Liver histological findings and NOTCH2 compound heterozygous mutations detected in patient 3. (A) Low magnification showing preserved lobular architecture of the liver parenchyma and lack of significant fibrosis (Trichrome stain, 40x). The portal tracts (arrows) seen at this magnification fail to show either significant inflammation or any obvious pathology. (B) Higher magnification (400x) of the portal tract to show absence of the bile duct and also any lack of ductular reaction. Occasional lymphocytes or histocytes can be seen in the portal tract. Few glycogenated hepatocytic nuclei can be seen in the periportal region (H&E stain). (C) Immunostain for CK7 highlights the absence of the native bile duct and shows intense staining of the periportal hepatocytes (200x). (D) Sanger sequence trace of codons 1720–1722 are shown.
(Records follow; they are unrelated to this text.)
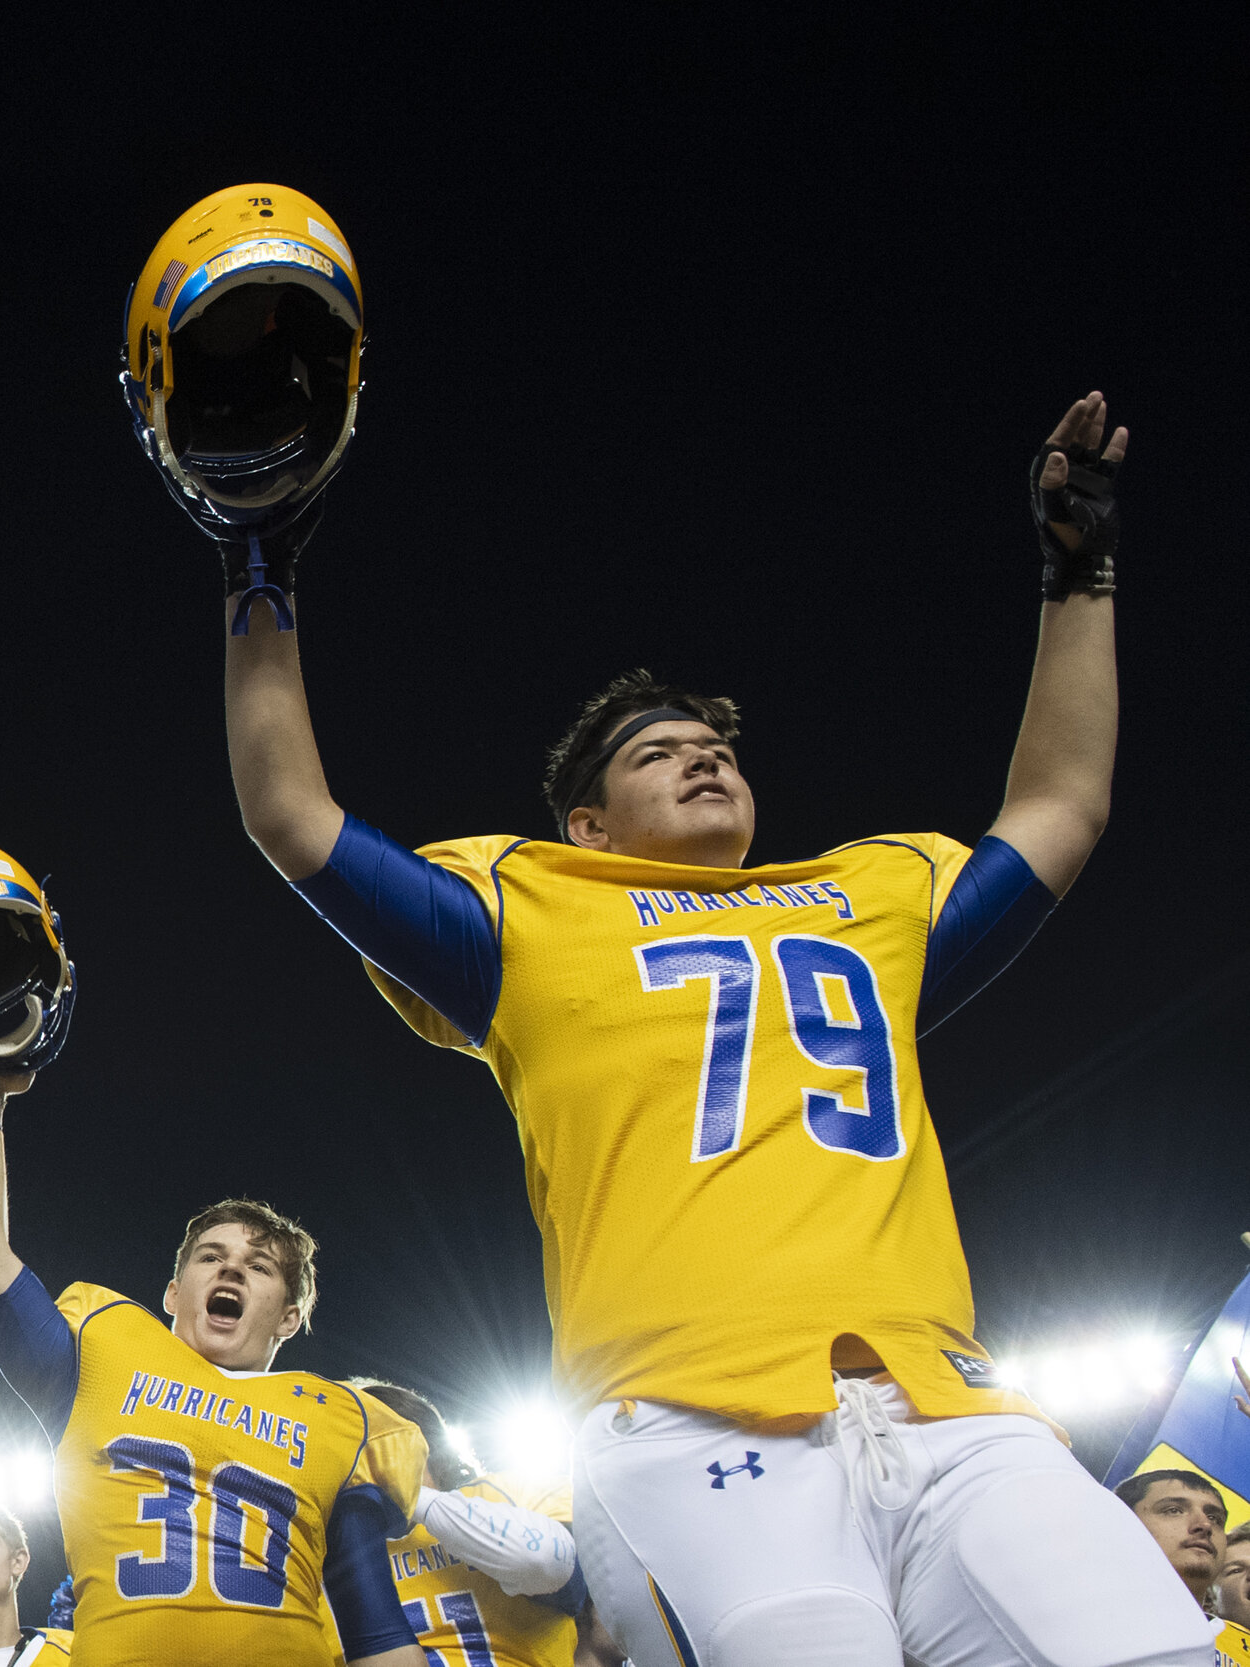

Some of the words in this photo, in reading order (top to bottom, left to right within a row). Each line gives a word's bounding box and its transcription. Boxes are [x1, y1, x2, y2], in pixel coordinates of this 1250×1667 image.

[626, 881, 855, 927] HURRICANES
[631, 933, 907, 1163] 79
[120, 1371, 308, 1470] HURRICANES
[104, 1433, 299, 1609] 30
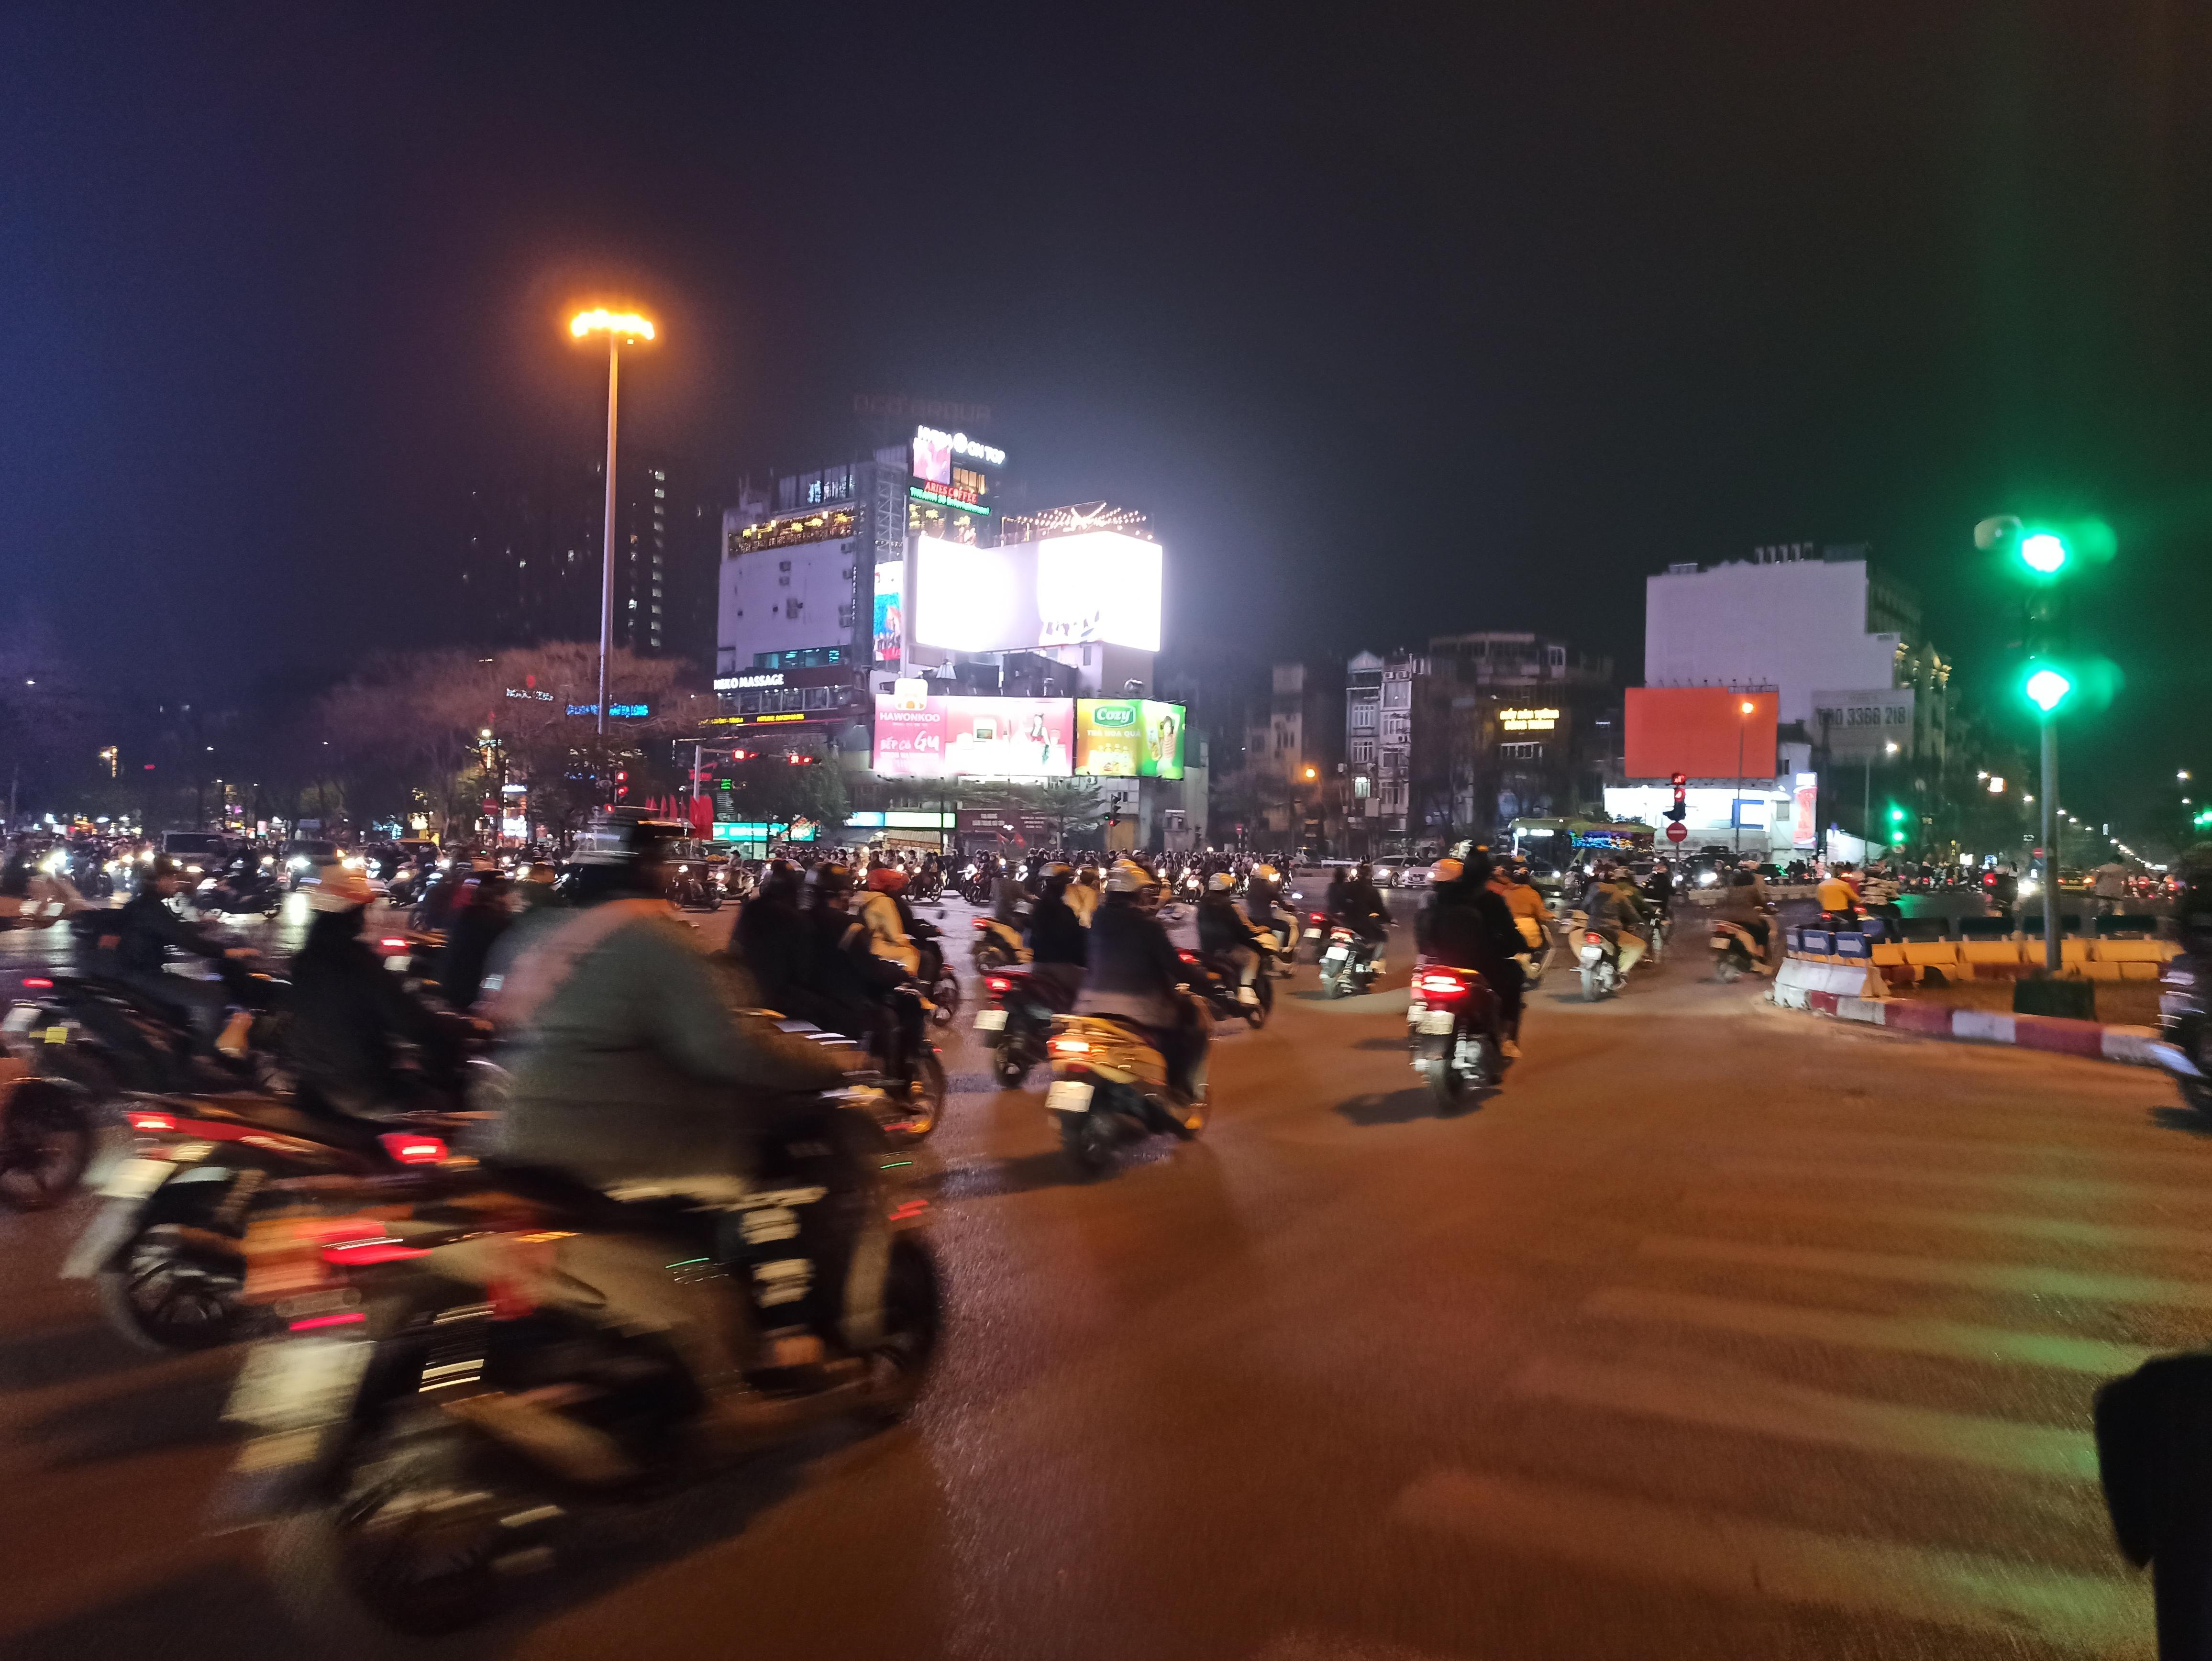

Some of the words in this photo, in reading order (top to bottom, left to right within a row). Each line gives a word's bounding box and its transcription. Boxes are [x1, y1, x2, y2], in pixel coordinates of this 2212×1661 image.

Patient 3 is heterozygous for a base change (TCA>TTA, in red) in NOTCH2, resulting in a S1741L (c. 5222C>T) missense heterozygous mutation. Proband's father is heterozygous for the same mutation whereas proband's mother is wild-type (WT). (E) Conservation of S1741 across species. The amino acid sequence of 1733–1749 of human NOTCH2 is shown and compared to the corresponding sequences of eight vertebrate orthologs and paralogs. Amino acid positions identical to human genome are highlighted in yellow. (F) Sanger sequence trace of codons 1881–1883 are shown. Patient 3 is heterozygous for a base change (CAC>TAC, in red) in NOTCH2, resulting in a H1882Y (c.5644C>T) missense heterozygous mutation, Proband's mother is heterozygous for the same mutation whereas proband's father is wild-type (WT). (G) Conservation of H1882Y across species. The amino acid sequence of 1874–1890 of human NOTCH2 is shown and compared to the corresponding sequences of eight vertebrate orthologs and paralogs. Amino acid positions identical to human genome are highlighted in yellow. H1882 is conserved among all species examined.